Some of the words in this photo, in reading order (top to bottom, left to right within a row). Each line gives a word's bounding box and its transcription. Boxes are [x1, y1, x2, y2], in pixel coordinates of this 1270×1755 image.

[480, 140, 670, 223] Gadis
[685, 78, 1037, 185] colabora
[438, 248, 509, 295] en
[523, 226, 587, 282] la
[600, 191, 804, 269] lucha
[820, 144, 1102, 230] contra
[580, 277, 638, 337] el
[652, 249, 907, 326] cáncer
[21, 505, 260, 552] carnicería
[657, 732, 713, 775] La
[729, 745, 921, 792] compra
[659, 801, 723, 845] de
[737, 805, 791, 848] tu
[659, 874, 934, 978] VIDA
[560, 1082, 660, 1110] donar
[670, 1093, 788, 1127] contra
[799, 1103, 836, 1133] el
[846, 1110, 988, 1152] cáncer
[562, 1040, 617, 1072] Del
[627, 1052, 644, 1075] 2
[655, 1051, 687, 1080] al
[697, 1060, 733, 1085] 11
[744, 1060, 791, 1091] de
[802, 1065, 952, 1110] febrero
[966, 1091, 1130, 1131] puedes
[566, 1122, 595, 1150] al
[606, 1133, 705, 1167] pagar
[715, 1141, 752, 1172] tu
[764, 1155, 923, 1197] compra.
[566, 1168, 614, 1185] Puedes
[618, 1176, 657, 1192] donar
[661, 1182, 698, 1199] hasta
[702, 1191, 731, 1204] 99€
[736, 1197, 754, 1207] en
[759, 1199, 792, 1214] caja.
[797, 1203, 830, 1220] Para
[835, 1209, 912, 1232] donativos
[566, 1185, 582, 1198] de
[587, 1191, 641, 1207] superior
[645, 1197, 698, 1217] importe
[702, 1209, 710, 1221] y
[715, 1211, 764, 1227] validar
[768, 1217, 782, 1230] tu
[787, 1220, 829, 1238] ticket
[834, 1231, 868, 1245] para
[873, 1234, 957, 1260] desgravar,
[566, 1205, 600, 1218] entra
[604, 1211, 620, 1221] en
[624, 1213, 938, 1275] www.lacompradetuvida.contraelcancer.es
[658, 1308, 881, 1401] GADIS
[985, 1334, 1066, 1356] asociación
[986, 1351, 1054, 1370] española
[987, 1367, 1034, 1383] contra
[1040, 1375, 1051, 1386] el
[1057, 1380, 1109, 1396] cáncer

※ ※ ※

**EXERCISE PROMPT**
Nothing in the entries may be left out; each line is to be output exactly.

**RESPONSE TO THIS TASK**
Some of the words in this photo, in reading order (top to bottom, left to right within a row). Each line gives a word's bounding box and its transcription. Boxes are [x1, y1, x2, y2], in pixel coordinates of this 1270×1755 image.

[480, 140, 670, 223] Gadis
[685, 78, 1037, 185] colabora
[438, 248, 509, 295] en
[523, 226, 587, 282] la
[600, 191, 804, 269] lucha
[820, 144, 1102, 230] contra
[580, 277, 638, 337] el
[652, 249, 907, 326] cáncer
[21, 505, 260, 552] carnicería
[657, 732, 713, 775] La
[729, 745, 921, 792] compra
[659, 801, 723, 845] de
[737, 805, 791, 848] tu
[659, 874, 934, 978] VIDA
[560, 1082, 660, 1110] donar
[670, 1093, 788, 1127] contra
[799, 1103, 836, 1133] el
[846, 1110, 988, 1152] cáncer
[562, 1040, 617, 1072] Del
[627, 1052, 644, 1075] 2
[655, 1051, 687, 1080] al
[697, 1060, 733, 1085] 11
[744, 1060, 791, 1091] de
[802, 1065, 952, 1110] febrero
[966, 1091, 1130, 1131] puedes
[566, 1122, 595, 1150] al
[606, 1133, 705, 1167] pagar
[715, 1141, 752, 1172] tu
[764, 1155, 923, 1197] compra.
[566, 1168, 614, 1185] Puedes
[618, 1176, 657, 1192] donar
[661, 1182, 698, 1199] hasta
[702, 1191, 731, 1204] 99€
[736, 1197, 754, 1207] en
[759, 1199, 792, 1214] caja.
[797, 1203, 830, 1220] Para
[835, 1209, 912, 1232] donativos
[566, 1185, 582, 1198] de
[587, 1191, 641, 1207] superior
[645, 1197, 698, 1217] importe
[702, 1209, 710, 1221] y
[715, 1211, 764, 1227] validar
[768, 1217, 782, 1230] tu
[787, 1220, 829, 1238] ticket
[834, 1231, 868, 1245] para
[873, 1234, 957, 1260] desgravar,
[566, 1205, 600, 1218] entra
[604, 1211, 620, 1221] en
[624, 1213, 938, 1275] www.lacompradetuvida.contraelcancer.es
[658, 1308, 881, 1401] GADIS
[985, 1334, 1066, 1356] asociación
[986, 1351, 1054, 1370] española
[987, 1367, 1034, 1383] contra
[1040, 1375, 1051, 1386] el
[1057, 1380, 1109, 1396] cáncer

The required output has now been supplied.